HIPAA and LLMs: Can You Legally Paste PHI Into ChatGPT?
The short answer is no. The long answer explains what changes with a BAA, what a covered entity can actually do, and what a redaction control buys you in the audit.
What HIPAA actually says
The Privacy Rule permits disclosure of PHI to a business associate only when a BAA is in place and only for a permitted purpose. Consumer ChatGPT is not a business associate. Pasting a patient note into it is a disclosure to a party without a BAA, which is a violation regardless of intent.
What changes with an enterprise BAA
OpenAI signs BAAs for ChatGPT Enterprise and specific API configurations. That legally permits the disclosure but does not exempt the covered entity from minimum-necessary, workforce-training, breach-notification or documentation obligations. It is a floor, not a ceiling.
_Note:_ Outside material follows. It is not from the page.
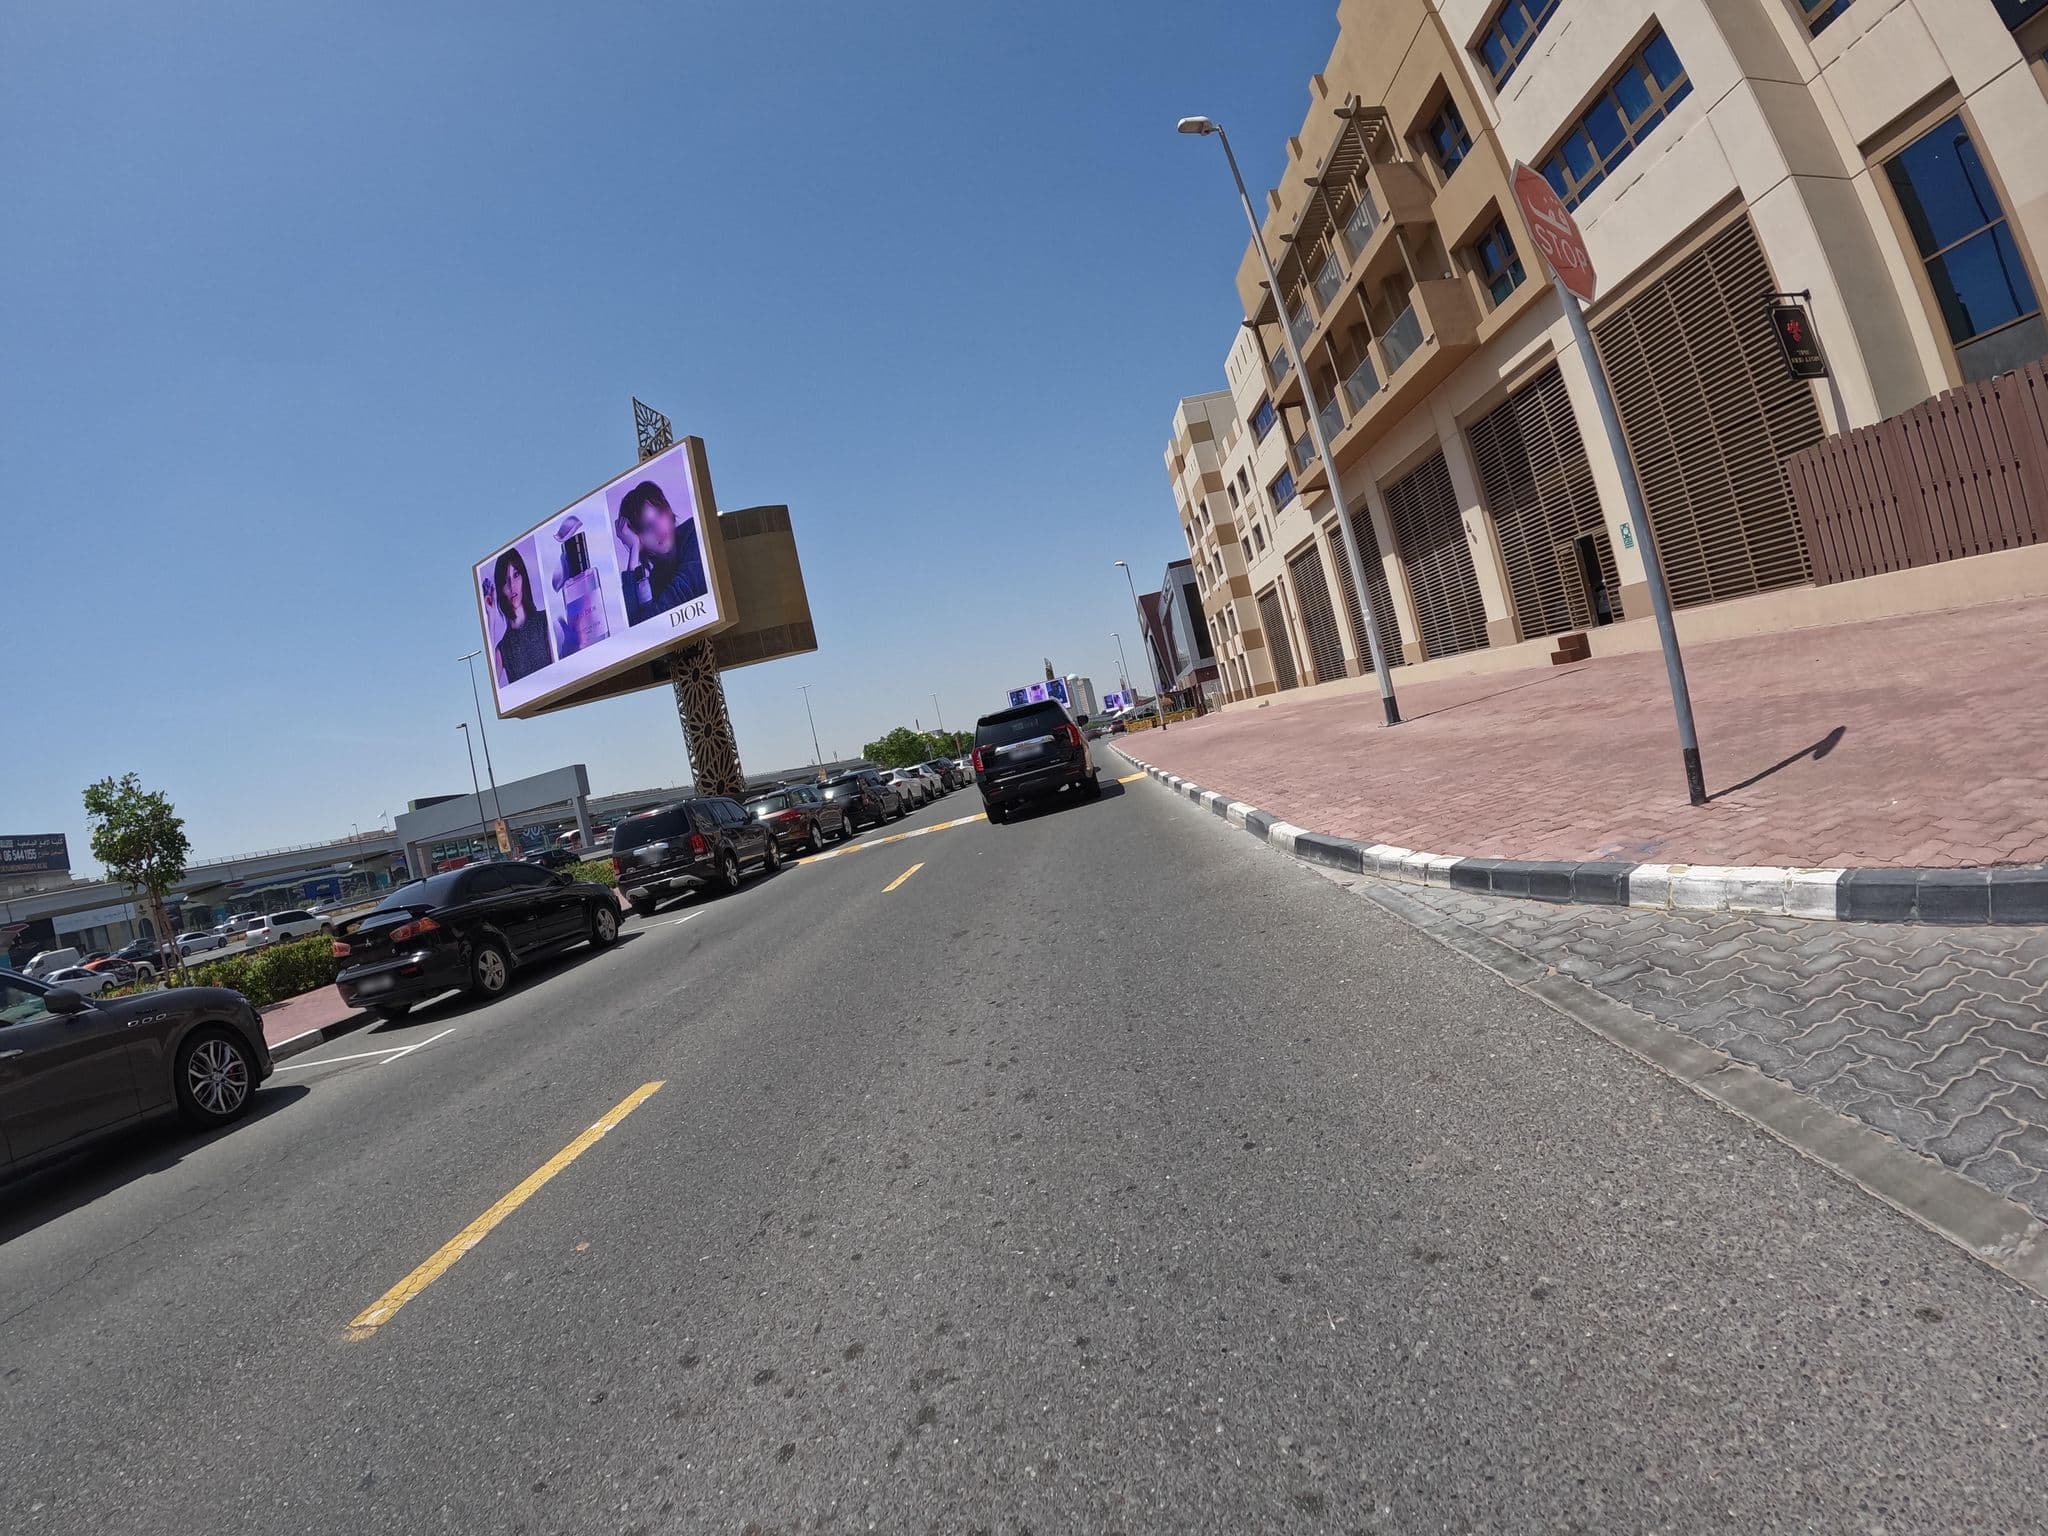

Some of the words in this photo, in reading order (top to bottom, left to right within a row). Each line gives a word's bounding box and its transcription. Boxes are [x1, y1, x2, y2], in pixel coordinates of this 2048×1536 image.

De-identification as the safer default
HIPAA recognises two paths to de-identification: expert determination and Safe Harbor. Safe Harbor removes 18 specified identifier categories. A prompt that has been through a redactor removing names, dates, geographic subdivisions, contact info, MRNs and biometric identifiers is much closer to Safe Harbor than one that has not. It is not automatically de-identified — the residual re-identification risk still needs a human eye — but it is a defensible starting point.
Where PromptShielder fits
The workspace runs entirely in the browser. It never sends PHI anywhere. It replaces the 18 Safe Harbor identifier categories with tokens the clinician can restore locally when the model responds. That workflow satisfies minimum-necessary and de-identification simultaneously.
Frequently asked
Is pasting into ChatGPT with names removed still PHI?+
It can be, if remaining context makes re-identification reasonably possible. Remove dates and geographic detail too.
Does a BAA cover training?+
OpenAI's enterprise BAA typically excludes training on customer content. Confirm the version you signed says so.